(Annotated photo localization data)
*** Begin section ***
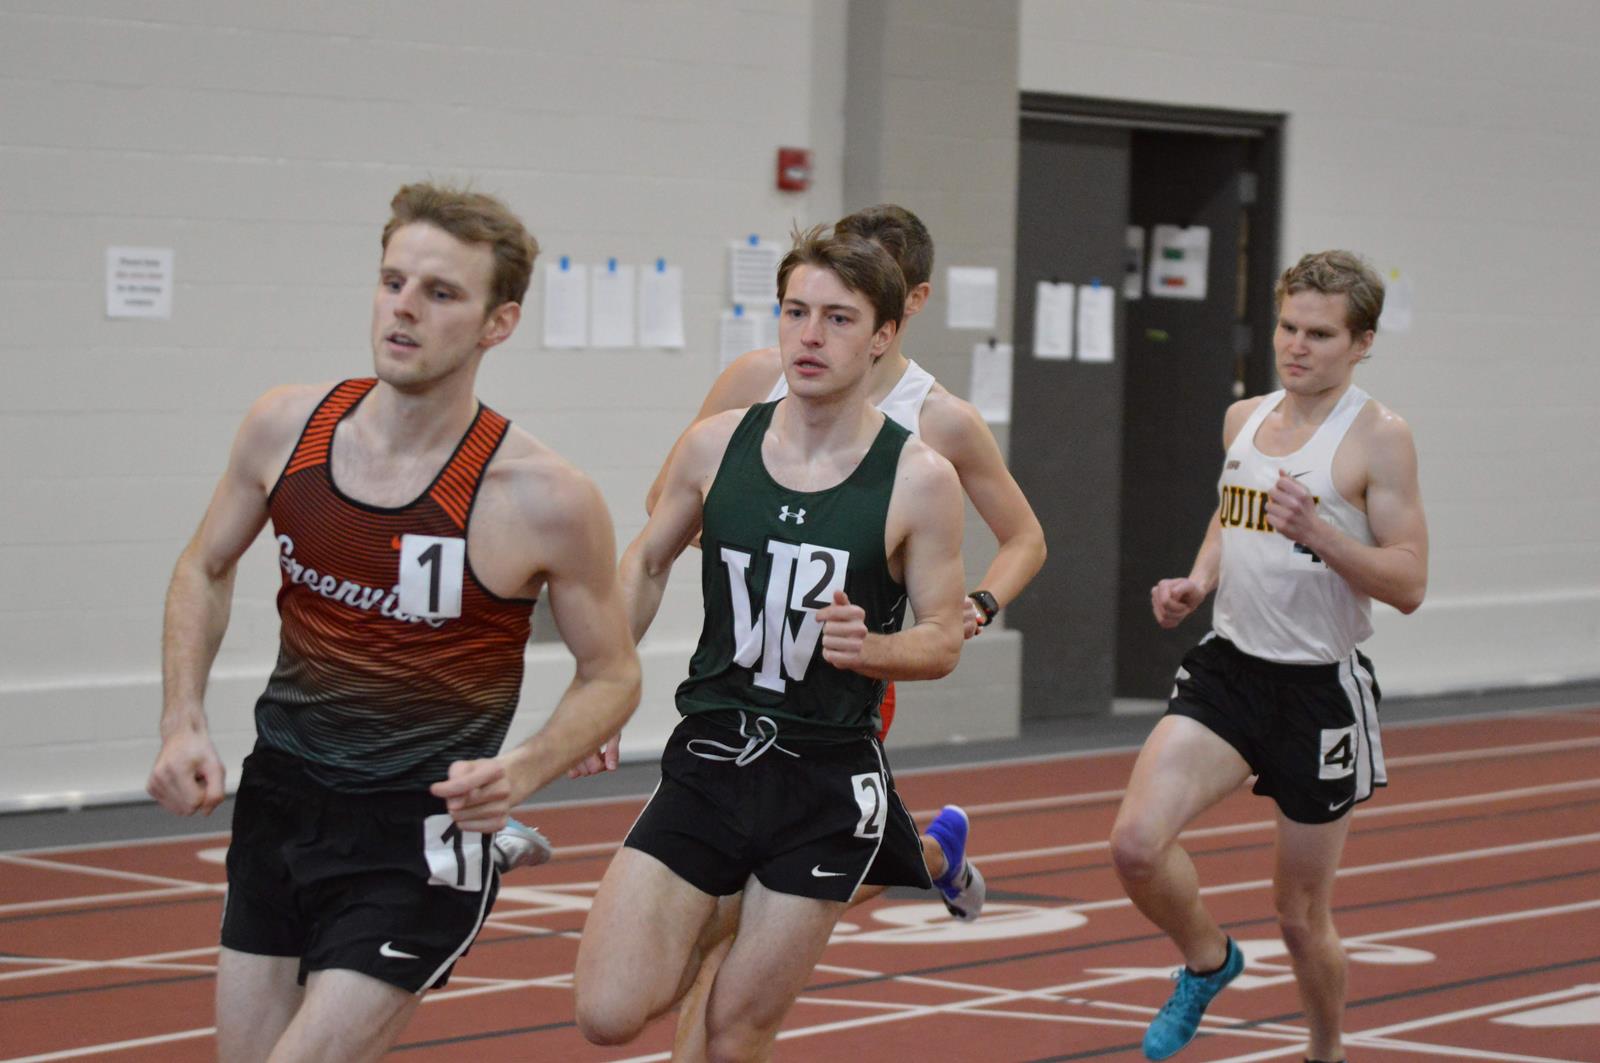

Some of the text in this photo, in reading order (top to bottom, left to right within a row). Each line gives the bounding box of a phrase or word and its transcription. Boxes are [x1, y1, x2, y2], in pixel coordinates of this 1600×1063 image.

[277, 534, 448, 628] Greenvi
[417, 543, 442, 613] 1
[802, 551, 835, 610] 2
[1324, 732, 1353, 769] 4
[861, 777, 880, 834] 2
[441, 820, 465, 886] 1
*** End section ***
* What needs to be done *
Write the records out again in full, exactly, and skip every picture.

* Exercise response *
Some of the text in this photo, in reading order (top to bottom, left to right within a row). Each line gives the bounding box of a phrase or word and its transcription. Boxes are [x1, y1, x2, y2], in pixel coordinates of this 1600×1063 image.

[277, 534, 448, 628] Greenvi
[417, 543, 442, 613] 1
[802, 551, 835, 610] 2
[1324, 732, 1353, 769] 4
[861, 777, 880, 834] 2
[441, 820, 465, 886] 1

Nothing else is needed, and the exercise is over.